Experts from the College of New Jersey confirmed Thursday that the object that smashed through the roof of a home in the town of Hopewell earlier this week was a meteor from outer space.
Experts said the object, which had a diameter of 6 inches by 4 inches, was a rare stony meteorite. They reached the conclusion after visual inspection, density measurements, scanning electron microscopy images and input from Jerry Delaney, a retired meteorite expert from Rutgers University and the American Museum of Natural History.
“We are excited to be able to confirm that the object is a real chondrite meteorite, in excellent condition, and one of very few famous chondrite falls known to science,” said Nathan Magee, president of the College of New Jersey. physics department.
It’s likely called the “Titusville, NJ” meteorite, experts said, based on the part of Hopewell where it was discovered.
Susie Cobb, the owner of the home on Old Pennington Road, Washington, said she called the non-emergency number of the Hopewell Police Department after discovering the object in her father’s bedroom.
She met with faculty members of the college on Wednesday to hand over the meteorite stone for further inspection.

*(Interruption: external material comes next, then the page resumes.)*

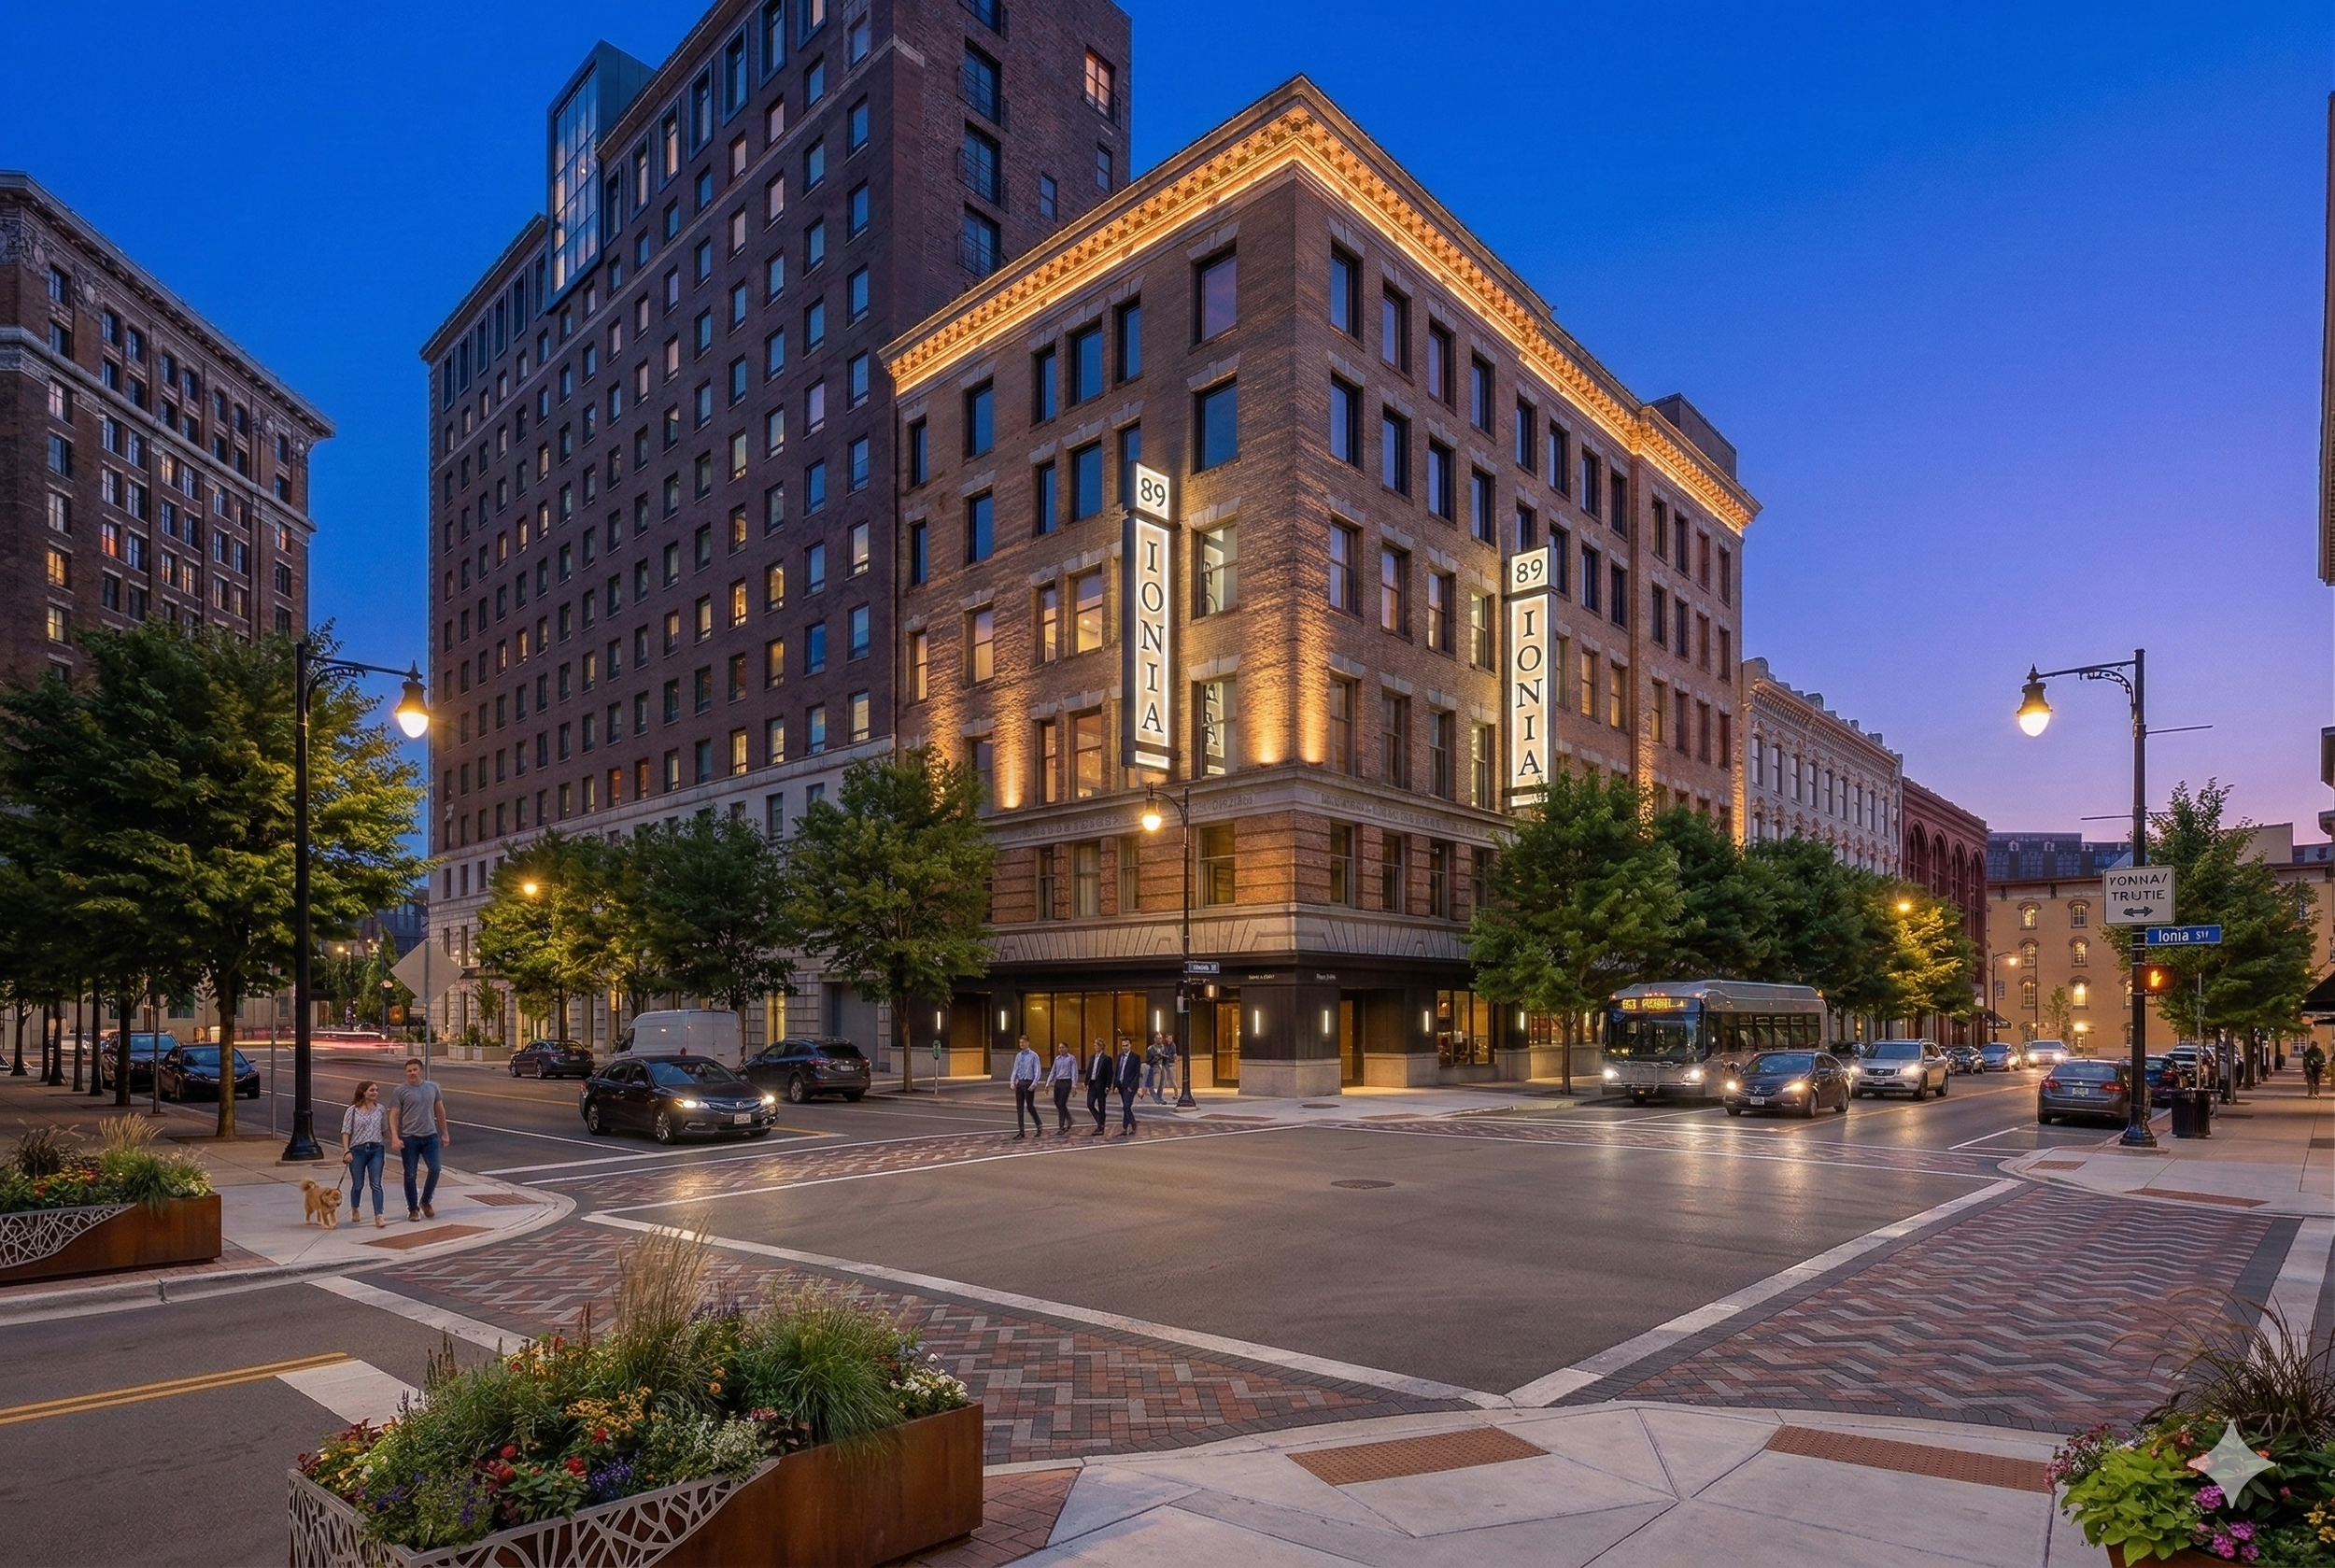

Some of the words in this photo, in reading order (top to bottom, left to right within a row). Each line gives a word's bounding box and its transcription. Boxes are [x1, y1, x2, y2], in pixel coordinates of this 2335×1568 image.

The best estimate of when the meteor will hit is 12:14 p.m. Monday, according to a statement from the college. Cobb said the meteorite was still warm to the touch when she discovered it around 12:30 p.m.

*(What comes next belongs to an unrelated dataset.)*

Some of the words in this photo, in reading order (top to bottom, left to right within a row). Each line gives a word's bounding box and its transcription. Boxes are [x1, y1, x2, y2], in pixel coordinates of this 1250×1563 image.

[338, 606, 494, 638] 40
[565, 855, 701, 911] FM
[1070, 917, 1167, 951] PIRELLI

“It’s all very unusual,” Cobb said.
The meteorite weighs about two pounds, according to college faculty. Its density, they said, is in the “usual range” for chondrite meteorites and much greater than that of most rocks on Earth.
“Having the opportunity to examine the meteorite yesterday was a rare and exciting opportunity for me, as well as for a group of physics students and professors at TCNJ,” Magee said.